Sen Çal Kapımı: Düşlerle gerçekler ayrı ayrı yaşar

Sen Çal Kapımı: Düşlerle gerçekler ayrı ayrı yaşar
Güçlü hikayelerin güçlü anlatıcıları olduğuna inanırım. Ve güç herkese göre farklı ruhtan doğar. Belki başarıdan, belki şanstan, belki paradan. Benim için güç; hikayeni anlatırken dayandığın kavramla, kendine duyduğun haklı inançla sınırlı oldu hep.

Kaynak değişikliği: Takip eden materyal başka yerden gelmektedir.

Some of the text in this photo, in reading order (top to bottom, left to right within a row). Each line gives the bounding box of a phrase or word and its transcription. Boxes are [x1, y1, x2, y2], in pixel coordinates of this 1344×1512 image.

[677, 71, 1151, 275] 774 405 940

Hikayeni anlatırken içine ne kadar ruhundan katabiliyorsan o kadar ete kemiğe büründürüp kabul ettirirsin gerçek olduğunu. Güçlü anlatıcılar, tam da bu yüzden güçlü ruhlara sahip olanlardır. Şimdiye kadar güçlü kadınları izlemekten hep keyif aldım. Düşüncelerini korkmadan açıklayabilen, hayatı için mücadele veren ve bunu kimsenin karşısında eğilip bükülmeden sürdüren kadınların ruhundan doğan ışığa inandım. Klasik yaz dizisi algısıdır başrol kızımızın bir şirkete şans eseri girip varlığını yine şansı doğrultusunda sürdürmesi. Güç birçok insan için şanstan doğar çünkü. İzlemesi başlarda keyif verip sonraları hep tat kaçırır. Gerçek dünya ve şansın dayandığı dünya çatışmaya başladıkça, iş senin zekanla da alay etmeye başlar. Sevmem ve izlemeyi de tercih etmem mantığımla alay eden dünyaları. 

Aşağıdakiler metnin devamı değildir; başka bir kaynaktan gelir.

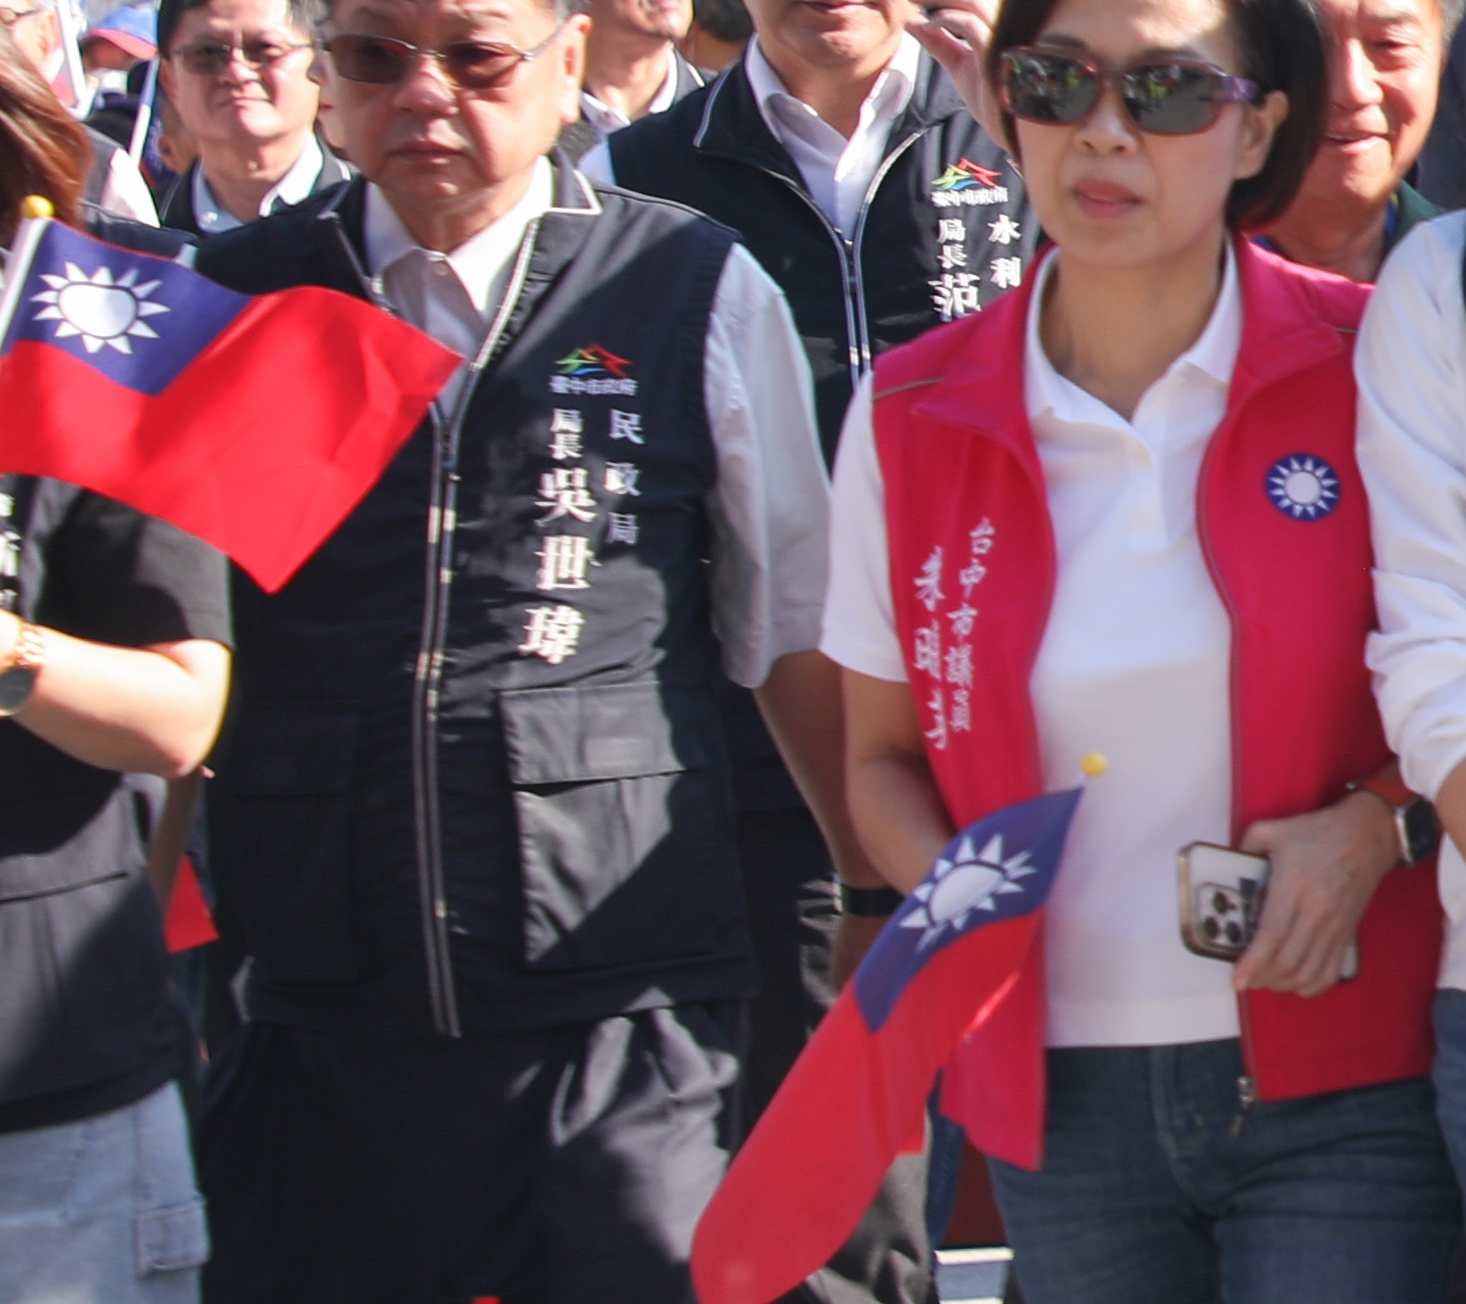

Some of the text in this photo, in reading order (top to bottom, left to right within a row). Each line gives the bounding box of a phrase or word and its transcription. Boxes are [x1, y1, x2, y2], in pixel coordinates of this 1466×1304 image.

[603, 408, 645, 546] 民政局
[942, 515, 996, 733] 台中市議員
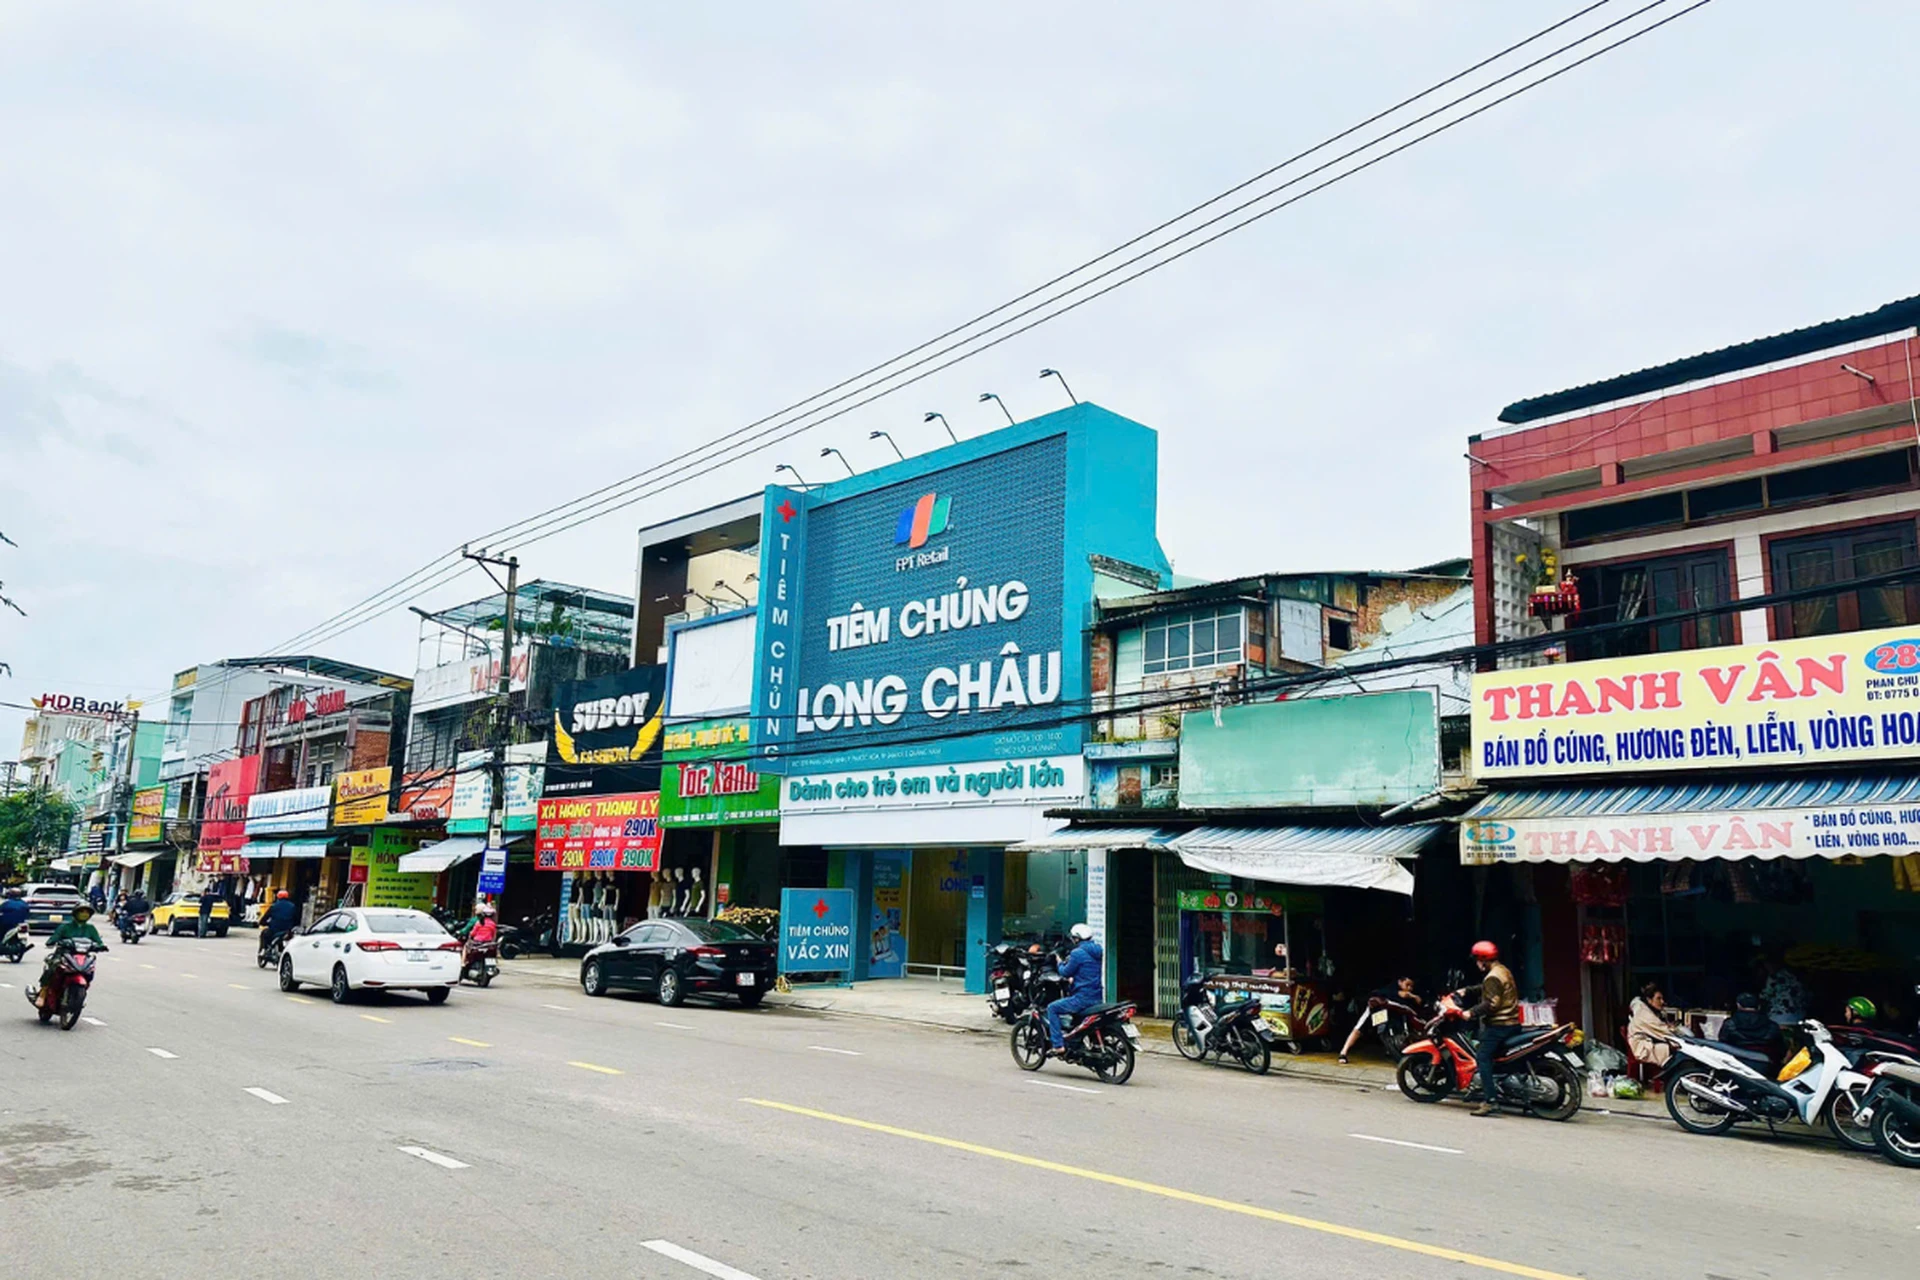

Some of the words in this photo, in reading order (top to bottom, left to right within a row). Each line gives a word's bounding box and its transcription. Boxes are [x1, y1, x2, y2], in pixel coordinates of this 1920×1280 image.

[896, 555, 915, 572] FPT
[917, 546, 949, 567] Retail
[772, 533, 790, 627] TIÊM
[827, 602, 890, 651] TIÊM
[900, 576, 1029, 637] CHỦNG
[1876, 644, 1920, 670] 28
[797, 675, 908, 733] LONG
[921, 641, 1061, 718] CHÂU
[1483, 671, 1682, 721] THANH
[1699, 650, 1847, 704] VÂN
[1866, 678, 1894, 689] PHAN
[1897, 675, 1918, 686] CHU
[1884, 689, 1909, 699] 0775
[571, 692, 649, 733] SUBOY
[764, 641, 785, 762] CHỦNG
[1484, 734, 1519, 767] BÁN
[1524, 728, 1548, 765] ĐỒ
[1554, 729, 1611, 765] CÚNG,
[1616, 727, 1685, 761] HƯƠNG
[1690, 720, 1740, 758] ĐÈN,
[1746, 711, 1804, 755] LIỄN,
[1809, 710, 1874, 750] VÒNG
[790, 777, 833, 801] Dành
[835, 777, 869, 799] cho
[872, 770, 898, 797] trẻ
[900, 774, 931, 796] em
[935, 766, 960, 793] và
[965, 761, 1024, 797] người
[1029, 759, 1065, 788] lớn
[596, 800, 638, 816] THANH
[641, 796, 660, 815] LÝ
[1860, 809, 1897, 826] CÚNG,
[624, 819, 657, 836] 290K
[1524, 827, 1674, 855] THANH
[1687, 816, 1793, 850] VÂN
[1847, 830, 1880, 847] VÒNG
[1883, 831, 1920, 846] HOA...
[561, 849, 585, 867] 290K
[622, 848, 654, 867] 390K
[789, 924, 811, 937] TIÊM
[813, 923, 850, 937] CHỦNG
[788, 938, 820, 960] VẮC
[823, 943, 849, 959] XIN

Hikaye ilk servis edildiğinde sosyal medyada çok fazla ön yargı okudum Sen Çal Kapımı ile ilgili. Bir kısım yaftaladıkça yaftaladı ve yapıştırdı klişe damgasını diğer kısımsa başrollere duyduğu haklı güvenle ilk bölüm için biletini çoktan ayırdı. Her iki grupta da yer almayıp ilk bölümü izledim. Tamamen ön yargısız bir şekilde analiz ettim karakterleri. Ve bu yazıyı ikinci bölümün sonundan yazıyorum.



Bir üniversite öğrencisinin hayalini ortalamasına, bursuna bağlı şekilde kurmasının ne demek olduğunu bir üniversite öğrencisi olarak çok iyi biliyorum. Geleceğini inşa ederken kendini garantide hissetmek için çabalamak, bursunu korumak için uykusuz onlarca gece geçirmek hep zinde tutar hayalperest yanını. Hayal, emekten beslenen aç gözlü olgudur. Geleceğin için fedakarlık yaptıkça kendine inancın katlanarak artar ve sen güçlü bir kadın olurken güçlü bir gelecek de inşa edersin kendine, dünyaya.

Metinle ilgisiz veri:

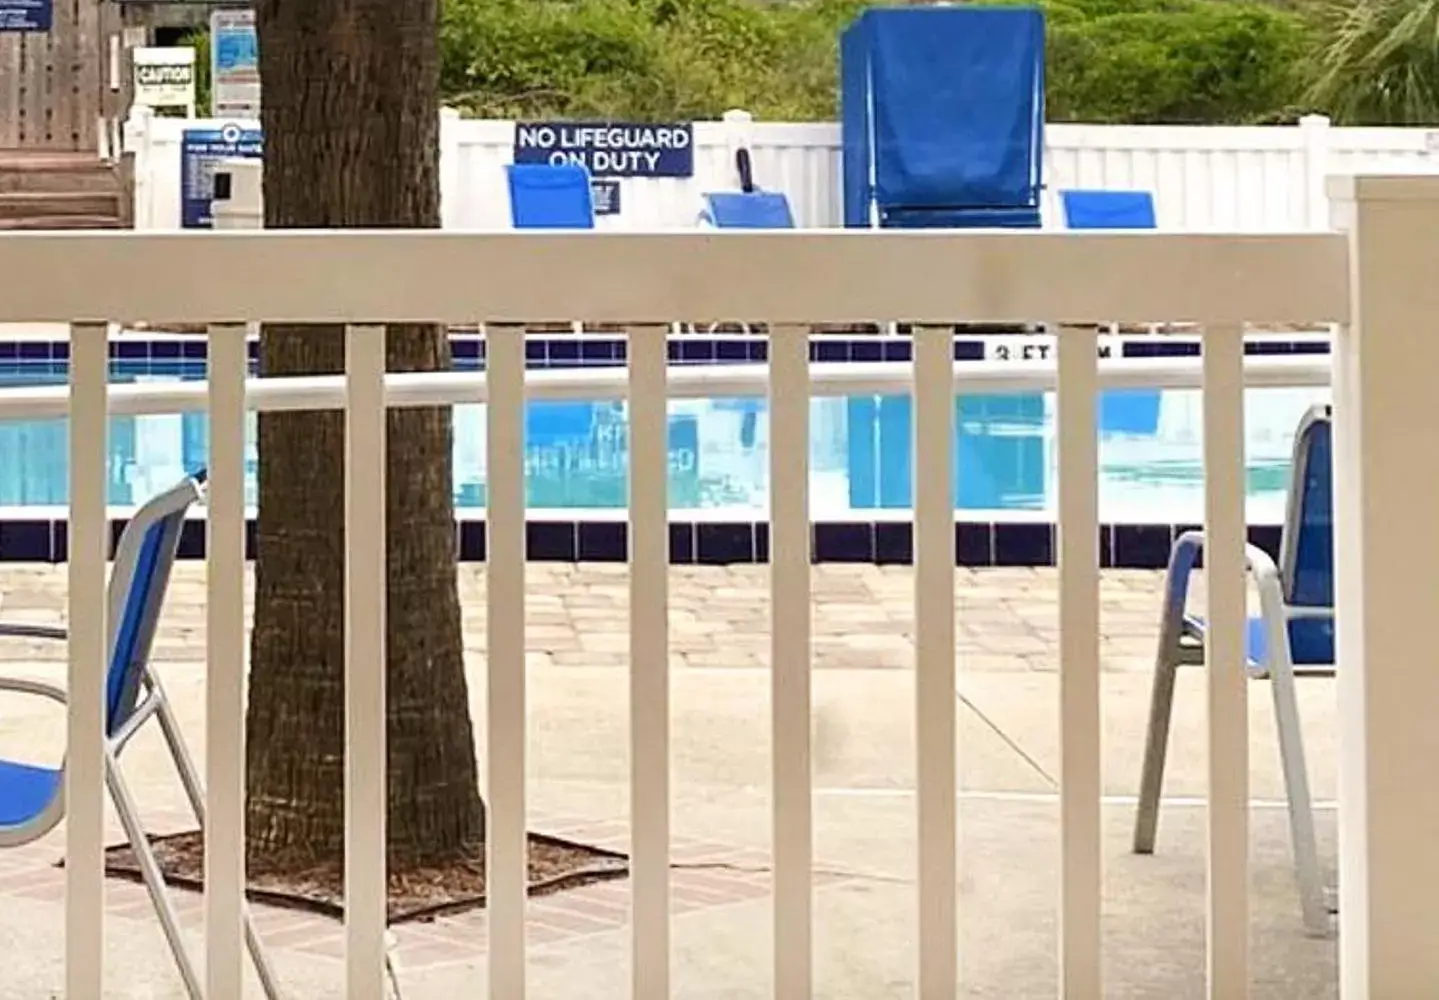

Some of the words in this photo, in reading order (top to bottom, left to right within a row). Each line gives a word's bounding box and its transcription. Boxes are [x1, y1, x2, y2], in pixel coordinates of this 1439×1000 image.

[186, 144, 208, 152] FOR
[209, 144, 237, 152] YOUR
[518, 127, 556, 148] NO
[561, 127, 689, 149] LIFEGUARD
[593, 151, 661, 172] DUTY

Eda böyle bir kız. Ortalaması çok yüksek, vakıf üniversitesinde tam burslu eğitim alan ve son sınıfta bursu aniden kesilen bir kız. Bu geleceğinin sabun köpüğü gibi tek nefeste sönmesi demek. Yarattığı enkaz dünyaları yaktıracak türden güç doğuran bir yıkım demek. Ben tam da bu yüzden Eda’nın bursu için verdiği mücadeleyi izlemek isterdim. Buna sebep olan adamın fotoğrafıyla dart oynamış olmasına gülmek yerine, ‘’kaç kez geldim, mail attım kimse yardımcı olmadı.’’ şeklindeki serzenişini duymak yerine mücadelesini kısa olsa da görmek ona çok daha fazla bağlardı beni. Fakat yine de bağlandım ve inandım mücadelesine. İnatçı yönlerini sevdim. Kuru inadıyla kendini ‘’vay be bu kız herkesten farklı’’ büyüsüyle karşısındaki adama aşık etme vasfı yok, minnettarım. Düşüncelerini savunurken bunu sahip olduğu bilgi birikimine, aldığı eğitimine, güvendiği geleceğine dayandırıyor misal. İkinci bölümde tanık olduğum; karşısındaki adamın son derece titiz iş ahlakı nedeniyle oluşturduğu anlaşmaya en önden ‘’beni aşağılamayacaksın’’ şartını koyması klişe kontenjanından yer ayırttığı algısına zaten kafa tutar benim gözümde. Eda gibi kadınları izlemek istiyorum. Kendini ezdirmemek için bağırıp çağırmaya ihtiyaç duymadan başarısını ortaya koyan, fikirlerini toz pembe dünyadan arındırıp gerçekçilikle taçlandıran ve her düşüncesini çekinmeden ortaya koyan kadınları izlemek istiyorum. Evet şans önemli bir unsur iş hayatında. Fakat kendini yetiştiren ve kendine inanan bir kadının kaderini baştan yazmak için şansa ihtiyaç duyduğuna asla inanmadım, inanmıyorum. Romantik komedide artık sadece saf kız tiplemesi bağlamıyor ekrana. Ne istediğini bilen, hayatı için mücadele eden, eğitimi için savaşan kadınlara bağlanıyorum. Bu açıdan Hande Erçel’e; Eda’yı gerçek bir güçlü kadın olarak karşıma çıkardığı,  inandığı kadar da inandırdığı için ayrıca minnet doluyum.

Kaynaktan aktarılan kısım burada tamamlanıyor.